The entertainment which started off with George Kash, an Oktoberfest legend who’s been entertaining crowds with “oompah” music for over 50 years, has also grown to be an important part of the Toronto Oktoberfest. “We’ve created our own vibe,” says Klein. Think a cabaret-style show that features a Bavarian burlesque singer, and a dance competition called “So You Think Can Tanze,” where traditional Bavarian dancers teach amateurs some moves, and the audience votes. “We try to mix the old with the new,” says Klein, of the festival that will be taking place at Ontario Place on Sept. 30 and Oct. 1 this year.
Over in Vankleek Hill, near the Quebec border, all eyes are on the stage as well. Specifically, the moment of the first keg “tapping,” when a ceremonial beer is poured to kick off Oktoberfest at Beau’s Brewery, followed by the singing of the German and Canadian national anthems, plus a land acknowledgement.
“It’s the only time that I’m up on stage throughout the festival, and I’m looking out at a sea of little green hats, and the biggest smiles you ever saw,” says Jennifer Beauchesne, senior brand manager at Beau’s All Natural Brewing Co., a craft brewery in the town. “It’s just that moment when you know that you’ve created something magical for people and you see the impact of bringing people together.”

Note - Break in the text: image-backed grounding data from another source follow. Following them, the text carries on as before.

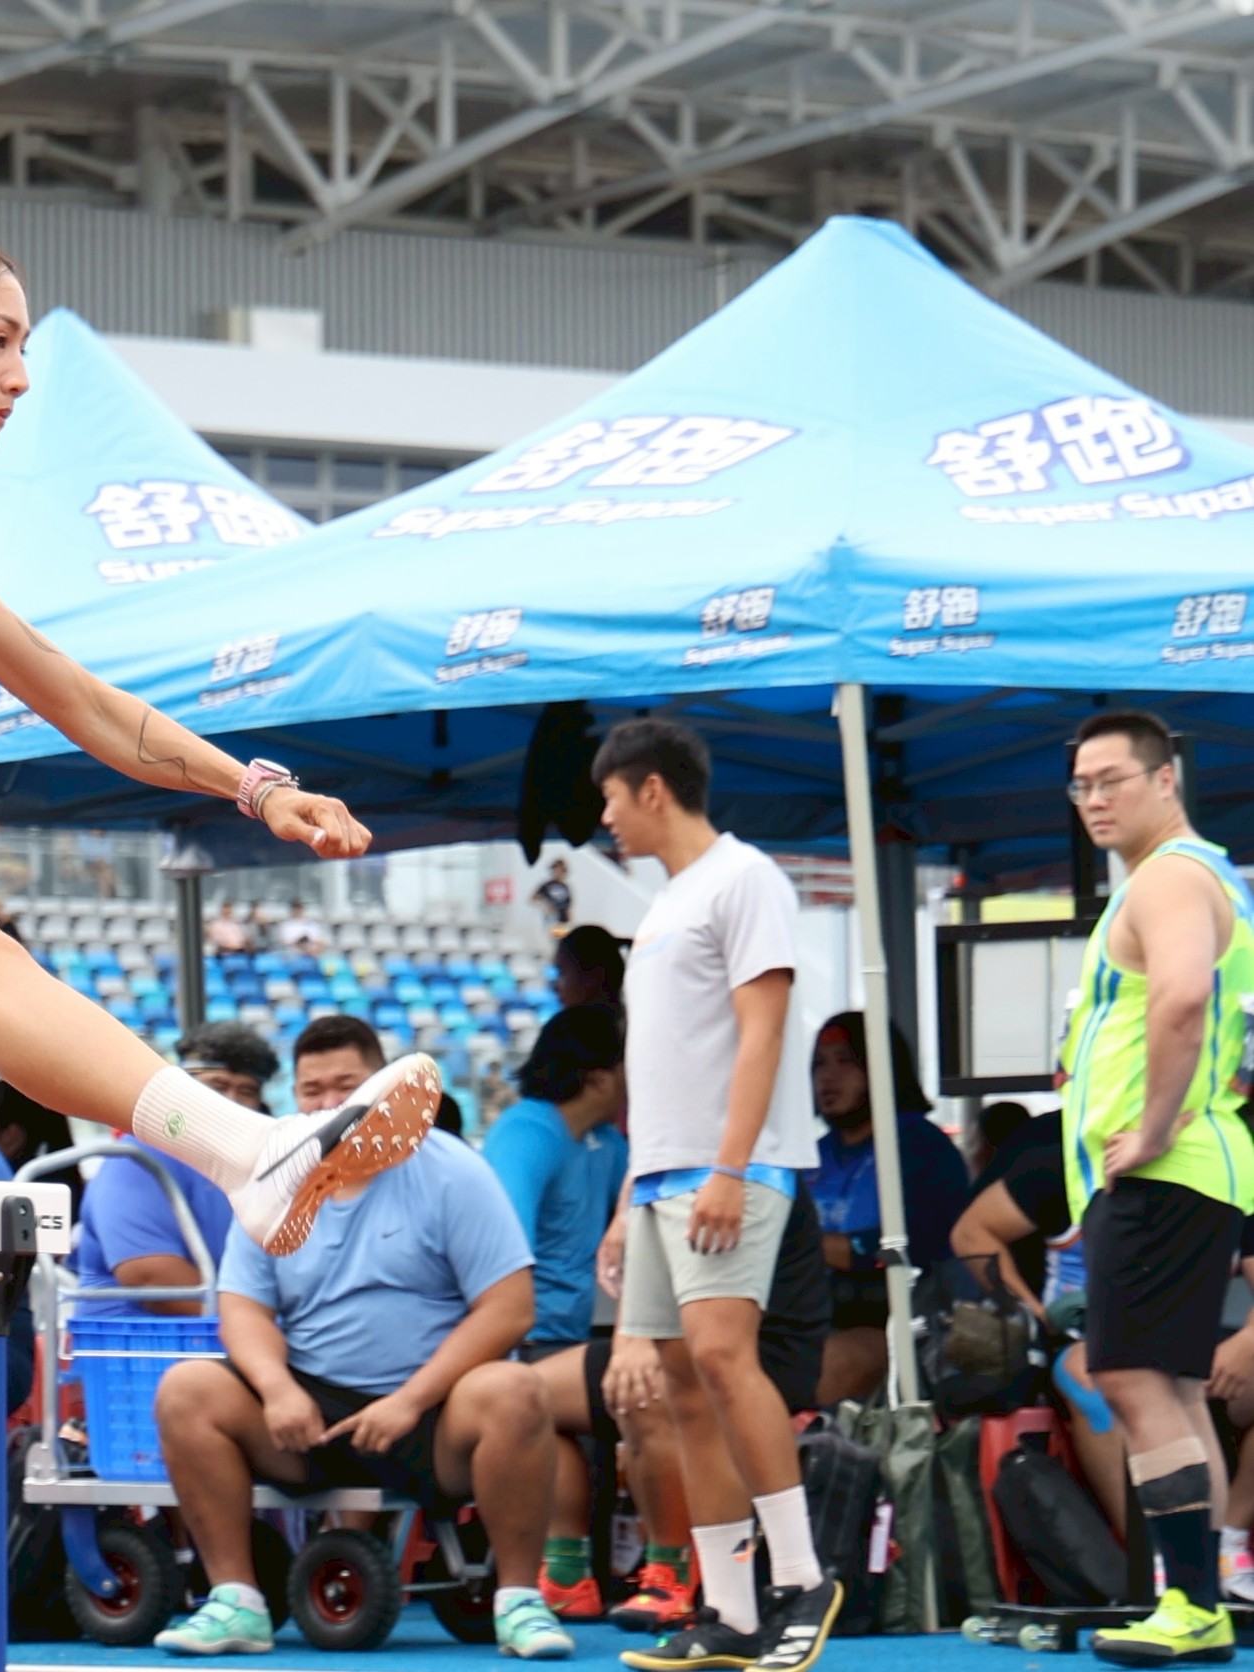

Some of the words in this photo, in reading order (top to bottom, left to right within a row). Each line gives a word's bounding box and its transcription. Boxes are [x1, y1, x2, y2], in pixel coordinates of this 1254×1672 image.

[464, 415, 800, 494] 舒跑
[926, 396, 1186, 498] 舒跑
[959, 503, 1115, 526] Super
[1118, 477, 1254, 521] Supa
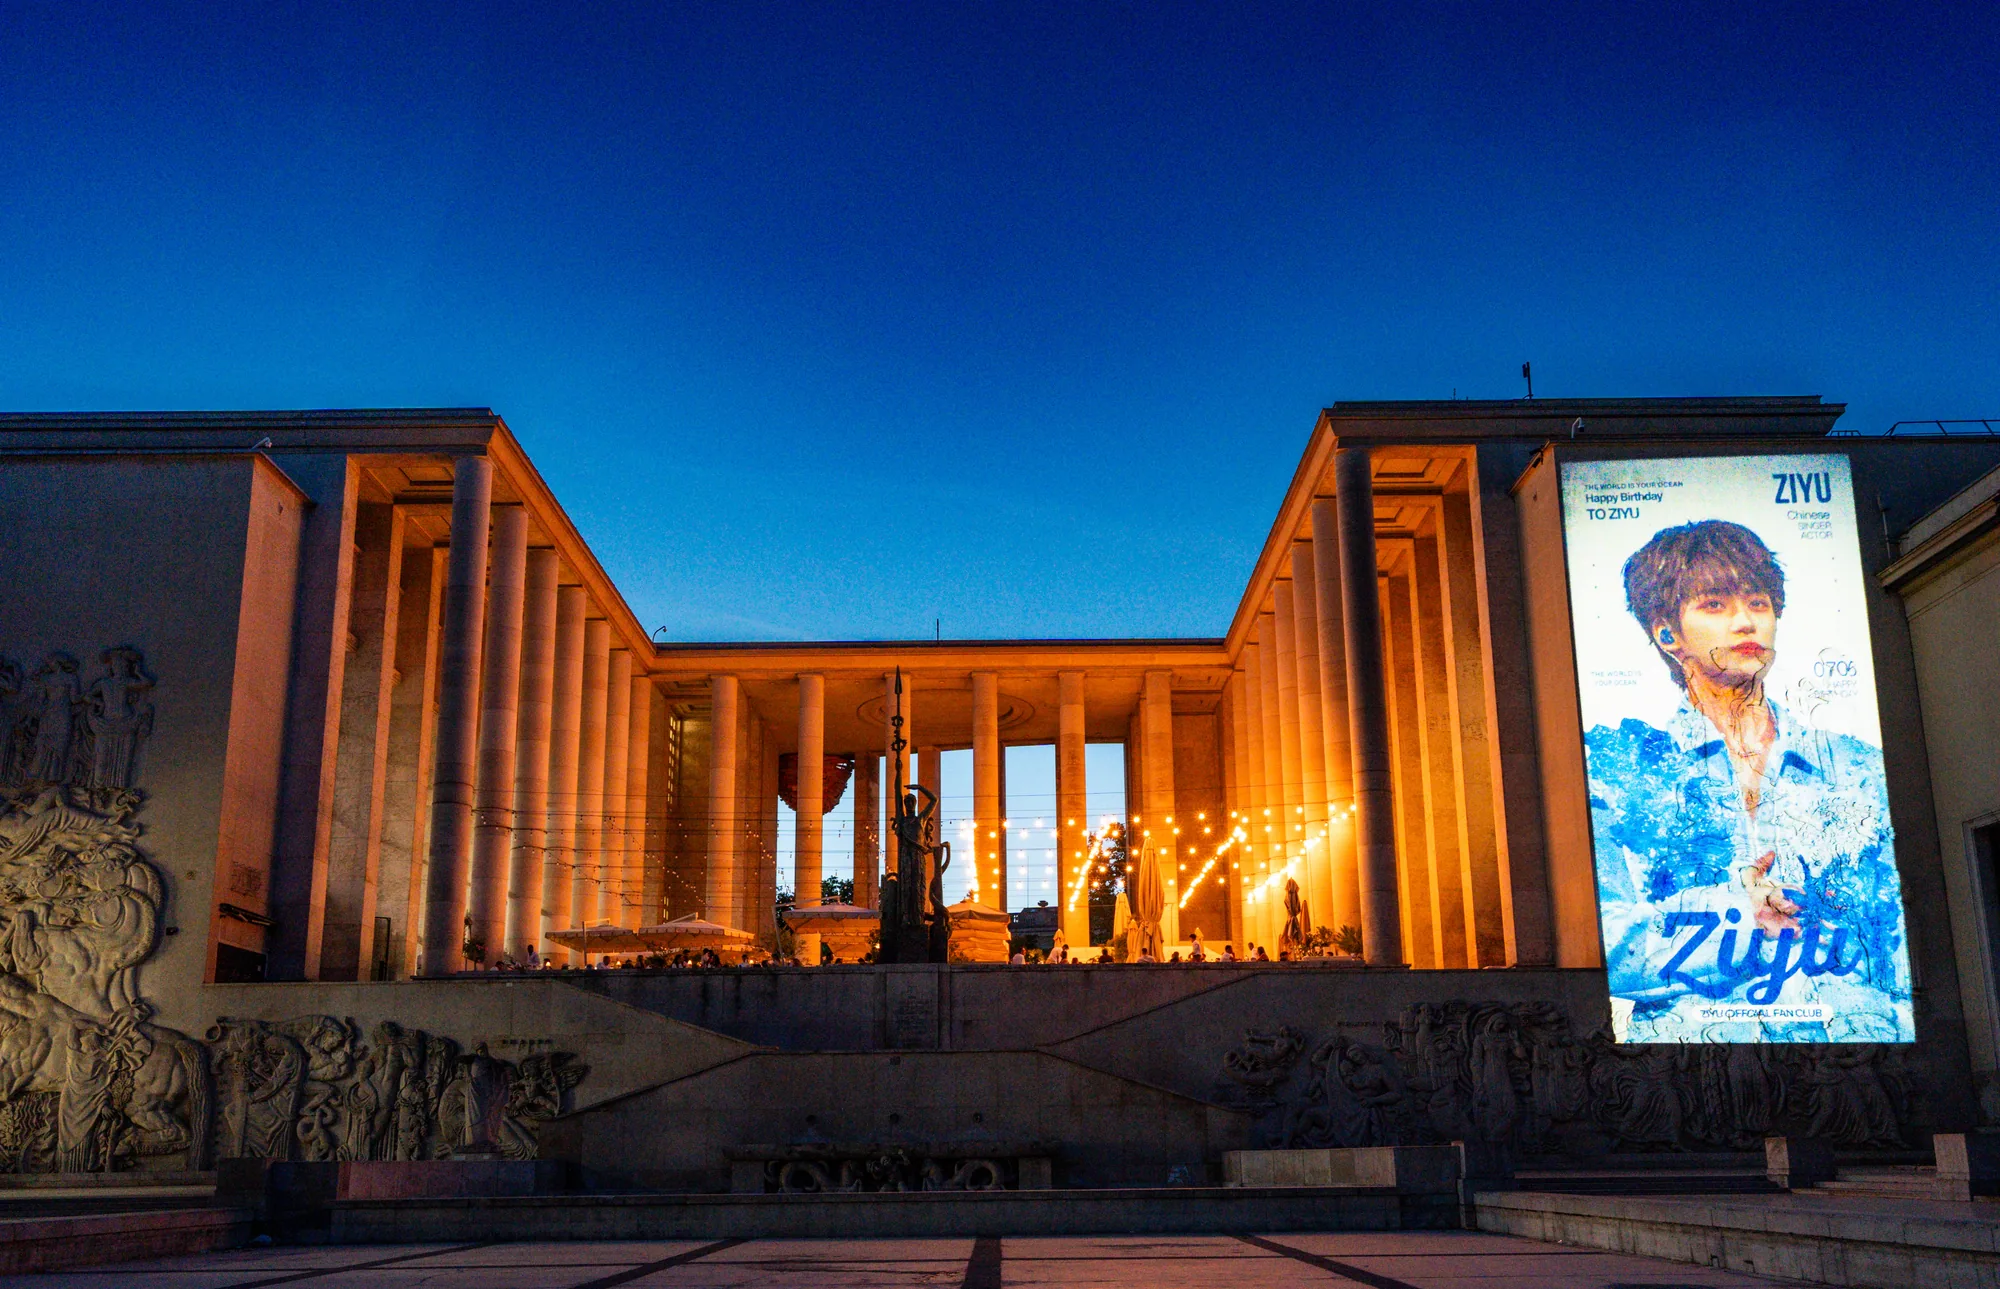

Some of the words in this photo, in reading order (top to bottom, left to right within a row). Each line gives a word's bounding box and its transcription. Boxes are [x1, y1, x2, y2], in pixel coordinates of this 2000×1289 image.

Beauchesne will be the first to tell you that Beau’s Oktoberfest started as a marketing stunt to launch a new seasonal beer. “We knew we were in love with nice, clean German beers, and we had this one coming out that was specifically an Oktoberfest beer, so we thought, why not?”

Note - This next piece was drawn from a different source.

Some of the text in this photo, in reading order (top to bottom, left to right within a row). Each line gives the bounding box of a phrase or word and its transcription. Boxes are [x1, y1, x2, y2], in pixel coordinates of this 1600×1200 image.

In nine weeks, they pulled together a festival, serendipitously booking George Wendt, aka Norm from Cheers, which got them some press. “We sold 5,000 tickets,” she recalls of the surprising reception. “We thought a couple hundred people would come out and stand in a field and drink beer with us, so it blew us away.”
In time, the festival eclipsed those modest beginnings. Always designed as an Oktoberfest for “a high-level lover of beer,” Beau’s added an educational component, including seminars about food and beer pairings, for example. They began to bring in beers from other breweries, debuting around a dozen new beers every year. They pioneered a “Stein hold struggle” – like tug-of-war but with a beer glass – and a sausage eating contest. They’re also well known for their bands, with a reputation for booking up-and-coming acts just before their big breakout (think, Neon Dreams), as well as “tickle your fancy” acts like Fred Penner. “Our approach is ‘ridiculousness upon ridiculousness,’” says Beauchesne. “Like, how can we pile it on so it’s just more and more fun?”
Rather than doing food trucks, local restaurants apply for the festival, preparing a special menu. “It’s a foodie festival,” says Beauchesne. “There’s more food than you could ever possibly eat. Like, every year it’s like, ‘Oh, I didn’t get to try that poutine made of spaetzle!’”
Beau’s community will have to wait a little longer to enjoy Oktoberfest; though many cities are celebrating their first year fully back after the pandemic, Beau’s is sitting this year out, though Beauchesne says they’ll be back “bigger and better” in 2023. In the meantime, though, they are continuing with what has been a major pillar of all Oktoberfests: giving back.
“It’s always been conceived of as our signature fundraising event of the year,” Beauchesne says. “What’s neat is that if, say, the local Lions Club gets together 50 people and you come and volunteer at the festival, we pay back that volunteer time as a donation to the organization,” she says. “It’s a win-win, because instead of paying, say, a third-party sanitation company, we can directly make a donation to their organization.” In usual years, there are also individual activations, like a dunk tank or a midway that raises funds for charities like Hidden Harvest.
This year, though there won’t be an in-person event, Beau’s is hosting a two-month long virtual ride, where participants can pledge to cycle any distance and raise funds for United Way in the process.
And if that’s not the spirit of Gemütlichkeit, we don’t know what is.